Comprobó la hora de la llamada: había sido hecha a mediodía. Vivien miró el reloj: las dos y cuarto. Ignoraba el motivo de la llamada, pero a esa hora no podía devolvérsela, porque el padre Michael ya estaría en el confesionario. Si le sonara el teléfono podría ser motivo de embarazo para cualquier fiel que se estuviera confesando… o motivo de sospechas para el hombre que buscaban, si por obra del destino se encontraba allí.
Mientras tanto, Bellew y el otro hombre habían llegado hasta ella en el aparcamiento. Éste estaba entrado en carnes, pero en su caminar demostraba ser fuerte y ágil, pese a no tener un cuerpo atlético.
– Vivien, pero ¿dónde te habías metido? -El capitán vio su expresión, advirtió que algo pasaba y su tono cambió-. Discúlpame. ¿Cómo está tu hermana?
Vivien guardó silencio. Esperaba que la pastilla del doctor Savine, además de mantenerla despierta, la ayudase a contener las lágrimas. Lo no dicho fue más claro que cualquier palabra.

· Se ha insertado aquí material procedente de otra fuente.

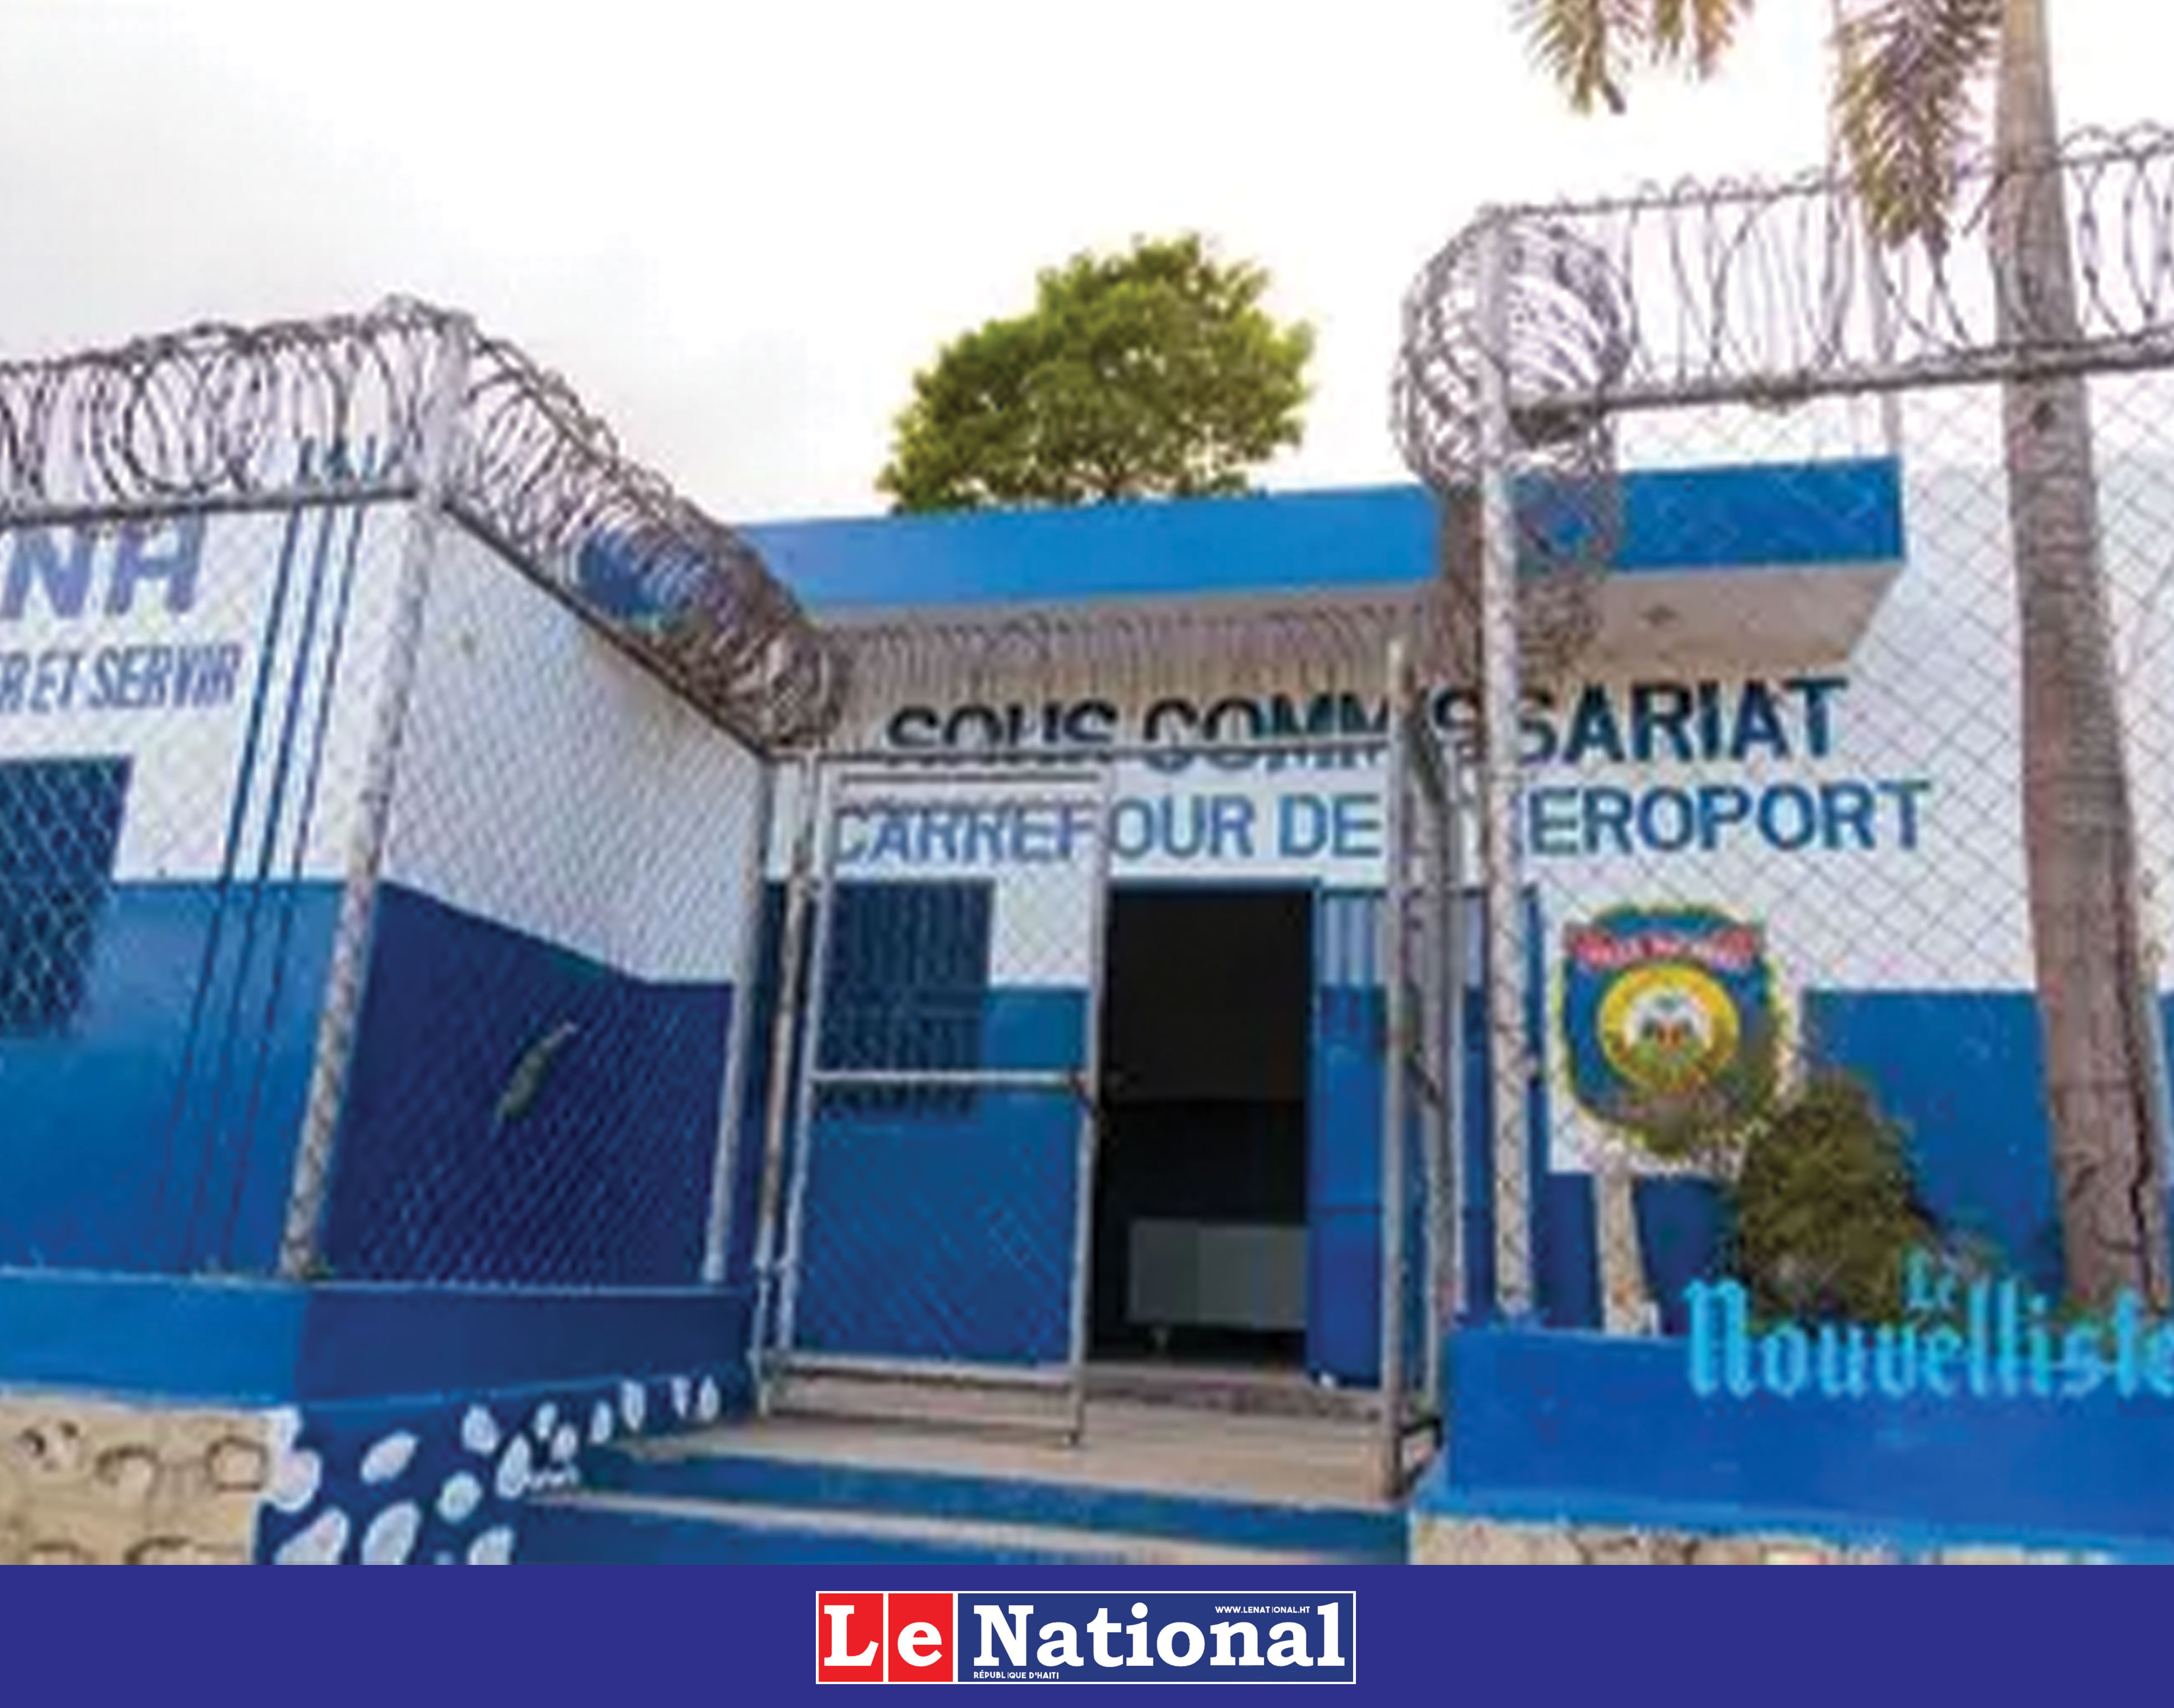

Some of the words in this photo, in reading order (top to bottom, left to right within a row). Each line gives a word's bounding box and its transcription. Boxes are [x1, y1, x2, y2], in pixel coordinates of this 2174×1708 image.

[31, 648, 83, 714] ET
[89, 643, 242, 709] SERVIR
[887, 700, 1117, 764] SOUS
[1144, 678, 1849, 774] COMMSSARIAT
[833, 794, 1256, 863] CARREFOUR
[1278, 793, 1381, 858] DE
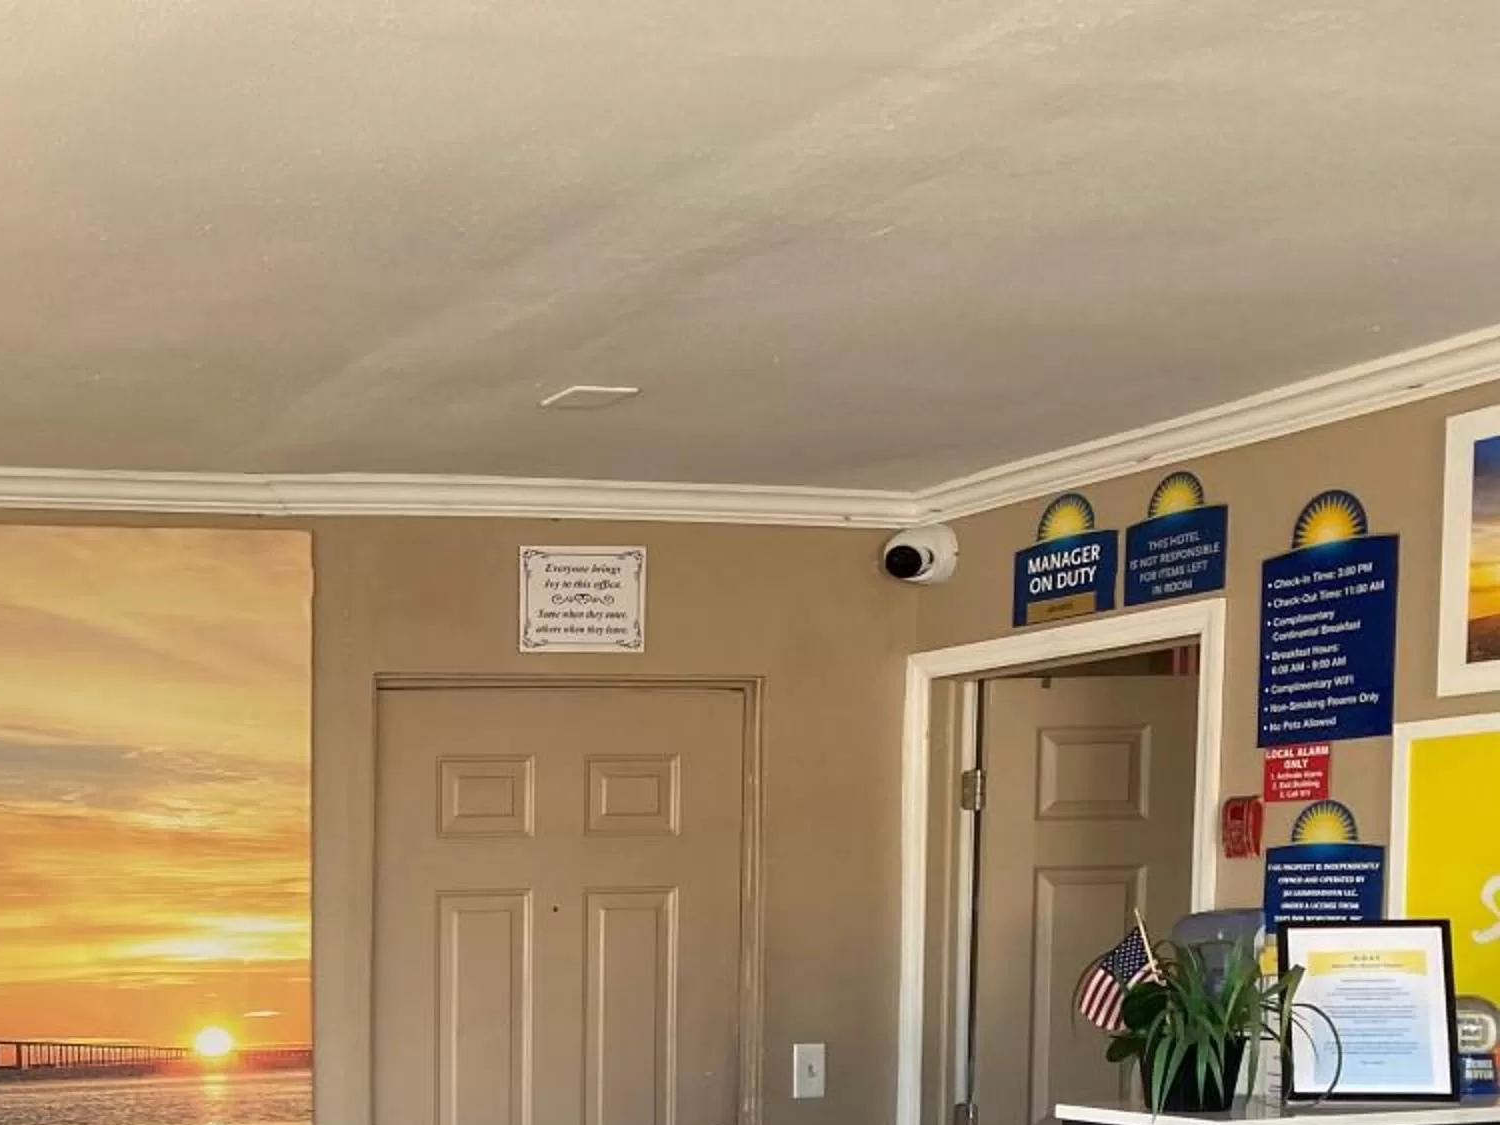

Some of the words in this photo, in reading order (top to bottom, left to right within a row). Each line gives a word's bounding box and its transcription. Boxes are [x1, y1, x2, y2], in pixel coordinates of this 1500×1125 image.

[1028, 544, 1100, 574] MANAGER
[1140, 555, 1157, 568] NOT
[1160, 543, 1220, 564] RESPONSIBLE
[1029, 576, 1052, 594] ON
[1057, 566, 1096, 589] DUTY
[1266, 749, 1294, 758] LOCAL
[1298, 746, 1329, 756] ALARM
[1284, 759, 1308, 768] ONLY

Bellew le puso una mano en el hombro.
– Lo siento mucho… De verdad.
Vivien negó con la cabeza. Se dio cuenta del embarazo del otro hombre, que había entendido que estaba sucediendo algo grave, algo de lo que podía intuir la magnitud, pero ante lo cual no sabía cómo reaccionar. Vivien le tendió la mano.
– Detective Vivien Light.
– Soy el comisario William Codner. Mucho gusto. Espero que…
Vivien no pudo saber qué era lo que esperaba, porque el teléfono que tenía apretado en la mano empezó a sonar. El visor se iluminó y apareció el nombre del padre McKean. Vivien sintió un ramalazo de calor que se propagaba por todo su cuerpo. Respondió en el acto cubriendo el micrófono del móvil con un dedo para que del otro lado no se oyera nada.
Levantó la mirada hacia los dos hombres.
– Ya estoy.
El comisario hizo un gesto con la mano y los coches se pusieron en marcha. Uno abrió las puertas para ellos y Vivien se sentó en el asiento del acompañante. Bellew y Codner ocuparon los asientos de atrás.
– Muchachos, el juego ha comenzado. Tienes el balón en tu campo, Vivien.
– Un momento.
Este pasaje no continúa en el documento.